Alan Oke is a British tenor. Born in London and raised in Scotland, he studied both at the Royal Scottish Academy of Music and Drama in Glasgow and with Hans Hotter in Munich.

Career 
Following a successful career as a baritone he made his debut as a tenor in 1992 singing Brighella in Ariadne auf Naxos for Garsington Opera.
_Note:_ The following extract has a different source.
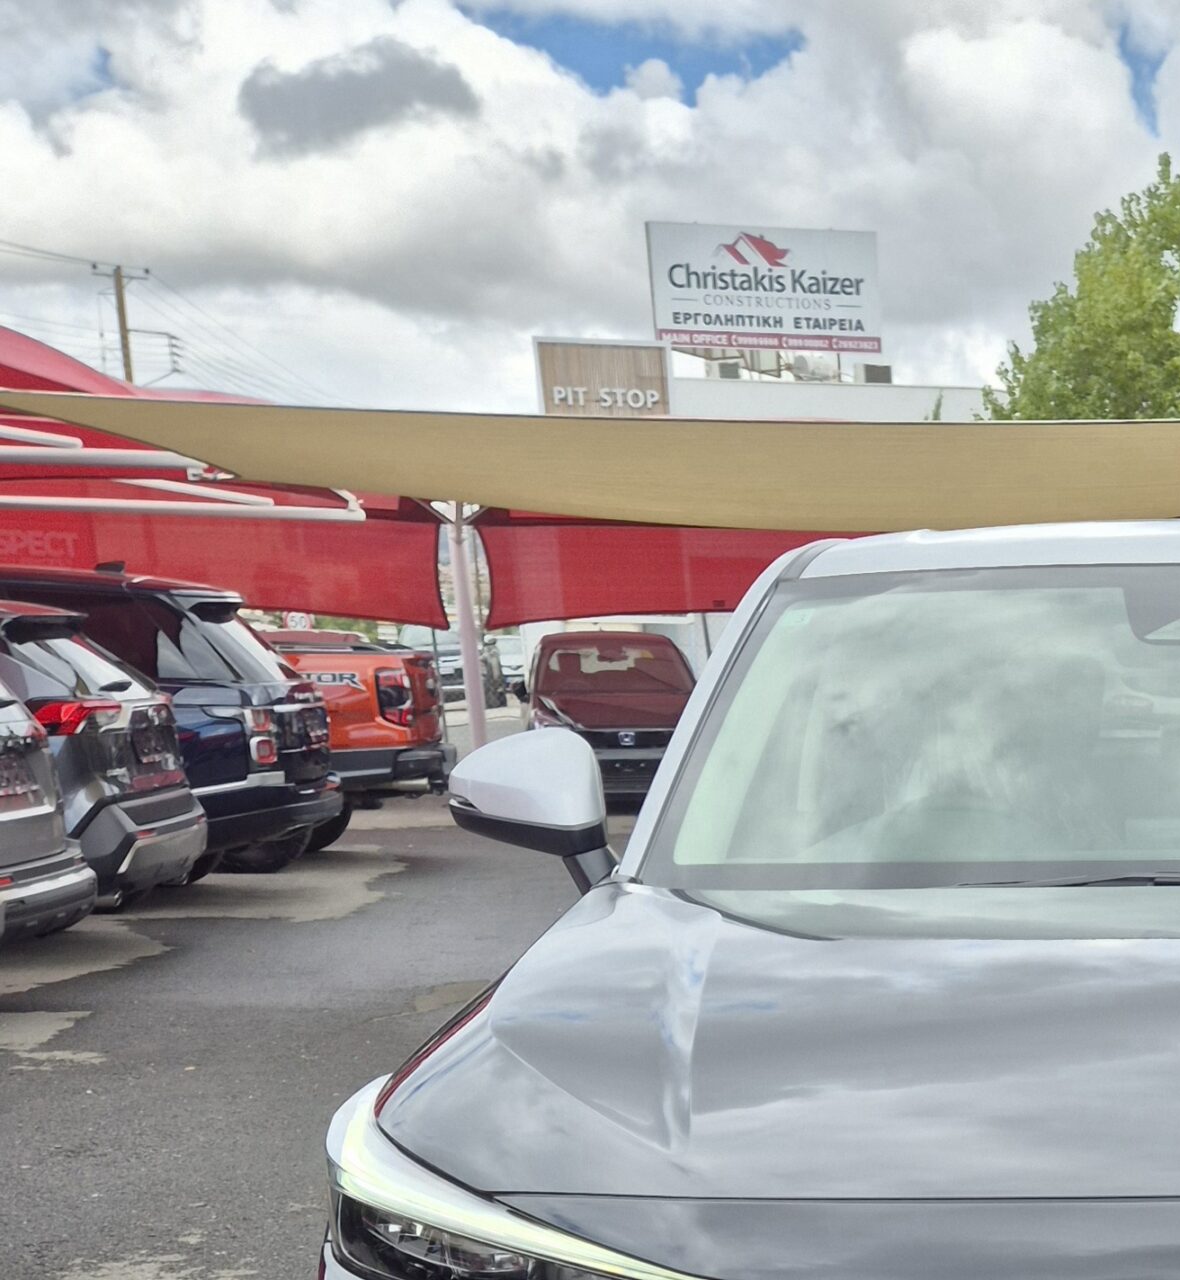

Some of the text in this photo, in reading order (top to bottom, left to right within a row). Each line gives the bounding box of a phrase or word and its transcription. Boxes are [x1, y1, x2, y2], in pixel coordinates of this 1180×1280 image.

Since then he has sung a wide variety of roles with Scottish Opera, Opera North, the Royal Opera, English National Opera and Opera New Zealand as well as appearances at the Edinburgh, Aldeburgh, Bregenz and Ravenna Festivals.

He portrayed Marlow in Tarik O'Regan's Heart of Darkness at the Royal Opera House and Gandhi in Philip Glass's Satyagraha for the English National Opera and the Metropolitan Opera, New York City.

In 2016 he premiered the role of The Major in Elena Langer's opera Figaro Gets a Divorce, at the Welsh National Opera.

He played Peter Grimes in the performance of Britten's opera on Aldeburgh Beach 2013, filmed as Grimes on the Beach.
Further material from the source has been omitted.